§ **PROBLEM STATEMENT**
Every line from the one that includes "this 2048×1536 image." to the end of the entries should be written out exactly, with the first and last included.

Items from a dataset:

=== Section Start ===

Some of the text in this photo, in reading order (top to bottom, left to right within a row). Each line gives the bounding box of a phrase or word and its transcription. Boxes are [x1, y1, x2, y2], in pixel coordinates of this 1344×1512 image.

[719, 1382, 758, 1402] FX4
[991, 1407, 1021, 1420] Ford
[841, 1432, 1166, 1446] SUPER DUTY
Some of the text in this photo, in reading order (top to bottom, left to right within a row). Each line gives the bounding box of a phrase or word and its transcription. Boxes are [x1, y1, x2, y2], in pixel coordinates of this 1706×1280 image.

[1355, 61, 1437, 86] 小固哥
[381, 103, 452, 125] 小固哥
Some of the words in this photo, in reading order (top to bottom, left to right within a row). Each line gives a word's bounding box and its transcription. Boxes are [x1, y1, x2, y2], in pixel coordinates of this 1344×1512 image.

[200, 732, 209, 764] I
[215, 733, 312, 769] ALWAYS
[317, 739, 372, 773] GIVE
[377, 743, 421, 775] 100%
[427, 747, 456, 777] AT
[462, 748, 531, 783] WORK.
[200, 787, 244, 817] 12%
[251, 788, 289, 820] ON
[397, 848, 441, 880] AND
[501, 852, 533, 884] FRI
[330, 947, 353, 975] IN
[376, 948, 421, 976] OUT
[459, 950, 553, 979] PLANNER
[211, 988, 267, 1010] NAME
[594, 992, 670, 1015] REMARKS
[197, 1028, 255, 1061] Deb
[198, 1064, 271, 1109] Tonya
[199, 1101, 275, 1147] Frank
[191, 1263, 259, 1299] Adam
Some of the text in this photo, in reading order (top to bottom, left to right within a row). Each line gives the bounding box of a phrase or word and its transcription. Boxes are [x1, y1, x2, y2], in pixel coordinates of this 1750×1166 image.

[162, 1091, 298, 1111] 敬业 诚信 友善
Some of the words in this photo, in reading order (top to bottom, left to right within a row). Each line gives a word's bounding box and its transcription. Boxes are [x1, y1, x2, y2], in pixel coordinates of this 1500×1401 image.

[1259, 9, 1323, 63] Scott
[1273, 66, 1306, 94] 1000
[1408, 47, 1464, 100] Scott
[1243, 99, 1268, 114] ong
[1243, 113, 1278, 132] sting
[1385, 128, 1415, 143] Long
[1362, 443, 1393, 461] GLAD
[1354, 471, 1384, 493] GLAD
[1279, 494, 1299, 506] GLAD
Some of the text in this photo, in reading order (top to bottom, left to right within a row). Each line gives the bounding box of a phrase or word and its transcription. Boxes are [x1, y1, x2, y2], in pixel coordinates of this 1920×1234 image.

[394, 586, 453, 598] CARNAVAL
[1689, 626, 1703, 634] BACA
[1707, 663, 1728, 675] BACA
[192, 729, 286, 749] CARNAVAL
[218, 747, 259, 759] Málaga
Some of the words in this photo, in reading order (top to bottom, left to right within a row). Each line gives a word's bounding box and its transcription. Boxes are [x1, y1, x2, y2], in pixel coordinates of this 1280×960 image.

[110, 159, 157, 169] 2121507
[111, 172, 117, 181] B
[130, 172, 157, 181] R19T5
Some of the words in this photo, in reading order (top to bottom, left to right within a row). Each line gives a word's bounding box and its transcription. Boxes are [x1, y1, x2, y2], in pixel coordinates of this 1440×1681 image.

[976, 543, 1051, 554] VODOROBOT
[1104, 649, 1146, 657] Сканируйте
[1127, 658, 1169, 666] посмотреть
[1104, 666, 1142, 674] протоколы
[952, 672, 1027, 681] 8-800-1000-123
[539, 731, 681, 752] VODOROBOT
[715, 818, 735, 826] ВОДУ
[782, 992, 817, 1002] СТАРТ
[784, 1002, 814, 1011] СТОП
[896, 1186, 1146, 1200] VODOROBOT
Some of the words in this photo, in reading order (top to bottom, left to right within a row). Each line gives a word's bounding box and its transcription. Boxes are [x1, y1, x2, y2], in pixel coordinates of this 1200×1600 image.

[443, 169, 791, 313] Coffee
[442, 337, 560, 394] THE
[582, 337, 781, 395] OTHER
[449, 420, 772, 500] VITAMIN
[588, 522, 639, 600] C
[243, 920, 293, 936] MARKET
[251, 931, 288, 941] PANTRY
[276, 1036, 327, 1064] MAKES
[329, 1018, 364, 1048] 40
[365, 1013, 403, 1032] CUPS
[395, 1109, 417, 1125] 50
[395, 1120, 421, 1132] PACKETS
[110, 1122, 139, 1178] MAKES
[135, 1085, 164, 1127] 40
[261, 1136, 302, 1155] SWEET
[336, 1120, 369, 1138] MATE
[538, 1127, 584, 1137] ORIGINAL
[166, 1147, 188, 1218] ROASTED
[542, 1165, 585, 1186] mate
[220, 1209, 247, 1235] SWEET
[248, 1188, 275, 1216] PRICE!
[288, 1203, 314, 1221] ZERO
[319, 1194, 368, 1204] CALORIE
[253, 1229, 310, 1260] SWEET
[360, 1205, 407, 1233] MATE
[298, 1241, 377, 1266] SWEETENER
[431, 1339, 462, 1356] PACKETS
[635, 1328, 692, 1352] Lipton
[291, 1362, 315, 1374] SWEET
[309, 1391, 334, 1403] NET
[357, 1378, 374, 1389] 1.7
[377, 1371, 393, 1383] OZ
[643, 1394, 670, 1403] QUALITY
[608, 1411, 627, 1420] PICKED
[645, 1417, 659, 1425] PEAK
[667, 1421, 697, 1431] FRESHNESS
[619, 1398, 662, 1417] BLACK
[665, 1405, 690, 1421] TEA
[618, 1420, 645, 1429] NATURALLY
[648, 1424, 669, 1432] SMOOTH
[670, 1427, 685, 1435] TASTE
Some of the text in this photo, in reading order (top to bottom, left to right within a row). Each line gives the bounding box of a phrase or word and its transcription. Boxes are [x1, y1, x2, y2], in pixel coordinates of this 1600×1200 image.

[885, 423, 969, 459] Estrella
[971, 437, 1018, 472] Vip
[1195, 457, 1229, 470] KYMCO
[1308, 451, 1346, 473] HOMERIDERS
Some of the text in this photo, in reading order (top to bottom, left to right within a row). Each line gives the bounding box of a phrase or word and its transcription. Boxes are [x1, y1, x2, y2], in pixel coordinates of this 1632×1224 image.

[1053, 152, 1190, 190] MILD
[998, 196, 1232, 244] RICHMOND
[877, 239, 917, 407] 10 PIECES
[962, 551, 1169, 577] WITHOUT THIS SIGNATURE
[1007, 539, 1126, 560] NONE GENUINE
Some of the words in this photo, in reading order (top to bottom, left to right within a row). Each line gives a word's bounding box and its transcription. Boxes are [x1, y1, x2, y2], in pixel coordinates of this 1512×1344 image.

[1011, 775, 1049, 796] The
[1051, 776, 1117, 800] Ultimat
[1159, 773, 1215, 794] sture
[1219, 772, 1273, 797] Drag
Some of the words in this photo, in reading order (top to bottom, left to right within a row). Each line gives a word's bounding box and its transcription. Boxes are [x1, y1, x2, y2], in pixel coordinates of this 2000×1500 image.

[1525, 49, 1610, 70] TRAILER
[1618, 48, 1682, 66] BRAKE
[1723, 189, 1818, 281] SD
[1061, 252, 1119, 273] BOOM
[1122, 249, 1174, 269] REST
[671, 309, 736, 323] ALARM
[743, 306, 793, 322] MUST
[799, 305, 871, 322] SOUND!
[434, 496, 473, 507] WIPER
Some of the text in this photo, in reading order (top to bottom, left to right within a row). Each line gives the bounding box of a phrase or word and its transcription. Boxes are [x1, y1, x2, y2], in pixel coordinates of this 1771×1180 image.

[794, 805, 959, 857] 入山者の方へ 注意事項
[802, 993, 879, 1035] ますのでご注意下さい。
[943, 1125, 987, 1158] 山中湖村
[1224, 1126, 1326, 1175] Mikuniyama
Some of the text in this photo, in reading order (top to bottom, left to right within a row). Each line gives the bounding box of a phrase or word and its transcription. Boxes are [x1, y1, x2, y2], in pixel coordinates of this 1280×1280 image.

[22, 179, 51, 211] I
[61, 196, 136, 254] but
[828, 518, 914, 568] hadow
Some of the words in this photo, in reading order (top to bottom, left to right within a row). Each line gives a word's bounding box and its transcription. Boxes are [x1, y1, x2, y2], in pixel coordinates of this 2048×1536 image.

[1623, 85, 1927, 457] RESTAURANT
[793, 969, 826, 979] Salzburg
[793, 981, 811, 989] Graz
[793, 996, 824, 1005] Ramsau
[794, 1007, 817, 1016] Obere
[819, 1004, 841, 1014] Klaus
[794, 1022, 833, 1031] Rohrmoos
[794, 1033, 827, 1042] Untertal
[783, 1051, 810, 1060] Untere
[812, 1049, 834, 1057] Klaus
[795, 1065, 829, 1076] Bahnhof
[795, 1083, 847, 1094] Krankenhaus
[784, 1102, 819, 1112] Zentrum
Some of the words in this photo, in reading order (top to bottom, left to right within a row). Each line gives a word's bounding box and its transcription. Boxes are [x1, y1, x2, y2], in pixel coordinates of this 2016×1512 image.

=== Section End ===

§ **RESULT OF THIS EXERCISE**
Some of the words in this photo, in reading order (top to bottom, left to right within a row). Each line gives a word's bounding box and its transcription. Boxes are [x1, y1, x2, y2], in pixel coordinates of this 2048×1536 image.

[1623, 85, 1927, 457] RESTAURANT
[793, 969, 826, 979] Salzburg
[793, 981, 811, 989] Graz
[793, 996, 824, 1005] Ramsau
[794, 1007, 817, 1016] Obere
[819, 1004, 841, 1014] Klaus
[794, 1022, 833, 1031] Rohrmoos
[794, 1033, 827, 1042] Untertal
[783, 1051, 810, 1060] Untere
[812, 1049, 834, 1057] Klaus
[795, 1065, 829, 1076] Bahnhof
[795, 1083, 847, 1094] Krankenhaus
[784, 1102, 819, 1112] Zentrum
Some of the words in this photo, in reading order (top to bottom, left to right within a row). Each line gives a word's bounding box and its transcription. Boxes are [x1, y1, x2, y2], in pixel coordinates of this 2016×1512 image.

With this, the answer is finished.